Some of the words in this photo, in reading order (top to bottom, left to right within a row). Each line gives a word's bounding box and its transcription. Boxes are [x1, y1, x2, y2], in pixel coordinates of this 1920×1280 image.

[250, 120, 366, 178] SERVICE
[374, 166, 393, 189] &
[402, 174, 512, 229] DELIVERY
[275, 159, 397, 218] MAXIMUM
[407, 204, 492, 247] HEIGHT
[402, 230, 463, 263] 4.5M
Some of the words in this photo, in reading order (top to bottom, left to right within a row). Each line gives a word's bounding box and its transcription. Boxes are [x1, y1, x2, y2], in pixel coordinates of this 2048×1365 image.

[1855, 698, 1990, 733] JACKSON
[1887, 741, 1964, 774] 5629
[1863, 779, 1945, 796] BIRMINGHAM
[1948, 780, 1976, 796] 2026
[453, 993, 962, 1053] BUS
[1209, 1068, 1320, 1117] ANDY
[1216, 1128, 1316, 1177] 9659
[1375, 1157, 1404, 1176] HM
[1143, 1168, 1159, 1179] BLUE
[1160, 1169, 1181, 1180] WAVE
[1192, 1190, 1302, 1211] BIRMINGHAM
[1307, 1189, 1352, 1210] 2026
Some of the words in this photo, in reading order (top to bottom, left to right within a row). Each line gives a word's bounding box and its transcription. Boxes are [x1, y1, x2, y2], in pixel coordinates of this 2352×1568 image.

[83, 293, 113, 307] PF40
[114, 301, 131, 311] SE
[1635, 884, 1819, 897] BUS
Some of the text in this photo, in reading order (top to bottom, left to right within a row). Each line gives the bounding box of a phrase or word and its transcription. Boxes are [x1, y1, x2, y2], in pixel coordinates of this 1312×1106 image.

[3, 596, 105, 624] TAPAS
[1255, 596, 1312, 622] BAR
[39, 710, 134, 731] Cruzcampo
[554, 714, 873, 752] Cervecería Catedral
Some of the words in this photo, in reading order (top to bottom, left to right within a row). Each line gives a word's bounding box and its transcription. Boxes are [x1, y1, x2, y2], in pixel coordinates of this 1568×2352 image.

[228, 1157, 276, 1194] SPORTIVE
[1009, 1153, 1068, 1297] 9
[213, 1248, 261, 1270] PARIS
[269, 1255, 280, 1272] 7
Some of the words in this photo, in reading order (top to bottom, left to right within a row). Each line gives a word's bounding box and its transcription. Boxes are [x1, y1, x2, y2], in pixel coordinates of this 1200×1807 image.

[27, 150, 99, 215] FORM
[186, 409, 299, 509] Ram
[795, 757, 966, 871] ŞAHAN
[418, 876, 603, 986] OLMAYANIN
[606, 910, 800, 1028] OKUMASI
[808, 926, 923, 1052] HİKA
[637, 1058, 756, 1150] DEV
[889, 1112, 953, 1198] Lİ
# # # # # # #
▶ Problem description: Print the listing exactly. Every line must match.

▶ Output:
Some of the words in this photo, in reading order (top to bottom, left to right within a row). Each line gives a word's bounding box and its transcription. Boxes are [x1, y1, x2, y2], in pixel coordinates of this 1920×1280 image.

[250, 120, 366, 178] SERVICE
[374, 166, 393, 189] &
[402, 174, 512, 229] DELIVERY
[275, 159, 397, 218] MAXIMUM
[407, 204, 492, 247] HEIGHT
[402, 230, 463, 263] 4.5M
Some of the words in this photo, in reading order (top to bottom, left to right within a row). Each line gives a word's bounding box and its transcription. Boxes are [x1, y1, x2, y2], in pixel coordinates of this 2048×1365 image.

[1855, 698, 1990, 733] JACKSON
[1887, 741, 1964, 774] 5629
[1863, 779, 1945, 796] BIRMINGHAM
[1948, 780, 1976, 796] 2026
[453, 993, 962, 1053] BUS
[1209, 1068, 1320, 1117] ANDY
[1216, 1128, 1316, 1177] 9659
[1375, 1157, 1404, 1176] HM
[1143, 1168, 1159, 1179] BLUE
[1160, 1169, 1181, 1180] WAVE
[1192, 1190, 1302, 1211] BIRMINGHAM
[1307, 1189, 1352, 1210] 2026
Some of the words in this photo, in reading order (top to bottom, left to right within a row). Each line gives a word's bounding box and its transcription. Boxes are [x1, y1, x2, y2], in pixel coordinates of this 2352×1568 image.

[83, 293, 113, 307] PF40
[114, 301, 131, 311] SE
[1635, 884, 1819, 897] BUS
Some of the text in this photo, in reading order (top to bottom, left to right within a row). Each line gives the bounding box of a phrase or word and its transcription. Boxes are [x1, y1, x2, y2], in pixel coordinates of this 1312×1106 image.

[3, 596, 105, 624] TAPAS
[1255, 596, 1312, 622] BAR
[39, 710, 134, 731] Cruzcampo
[554, 714, 873, 752] Cervecería Catedral
Some of the words in this photo, in reading order (top to bottom, left to right within a row). Each line gives a word's bounding box and its transcription. Boxes are [x1, y1, x2, y2], in pixel coordinates of this 1568×2352 image.

[228, 1157, 276, 1194] SPORTIVE
[1009, 1153, 1068, 1297] 9
[213, 1248, 261, 1270] PARIS
[269, 1255, 280, 1272] 7
Some of the words in this photo, in reading order (top to bottom, left to right within a row). Each line gives a word's bounding box and its transcription. Boxes are [x1, y1, x2, y2], in pixel coordinates of this 1200×1807 image.

[27, 150, 99, 215] FORM
[186, 409, 299, 509] Ram
[795, 757, 966, 871] ŞAHAN
[418, 876, 603, 986] OLMAYANIN
[606, 910, 800, 1028] OKUMASI
[808, 926, 923, 1052] HİKA
[637, 1058, 756, 1150] DEV
[889, 1112, 953, 1198] Lİ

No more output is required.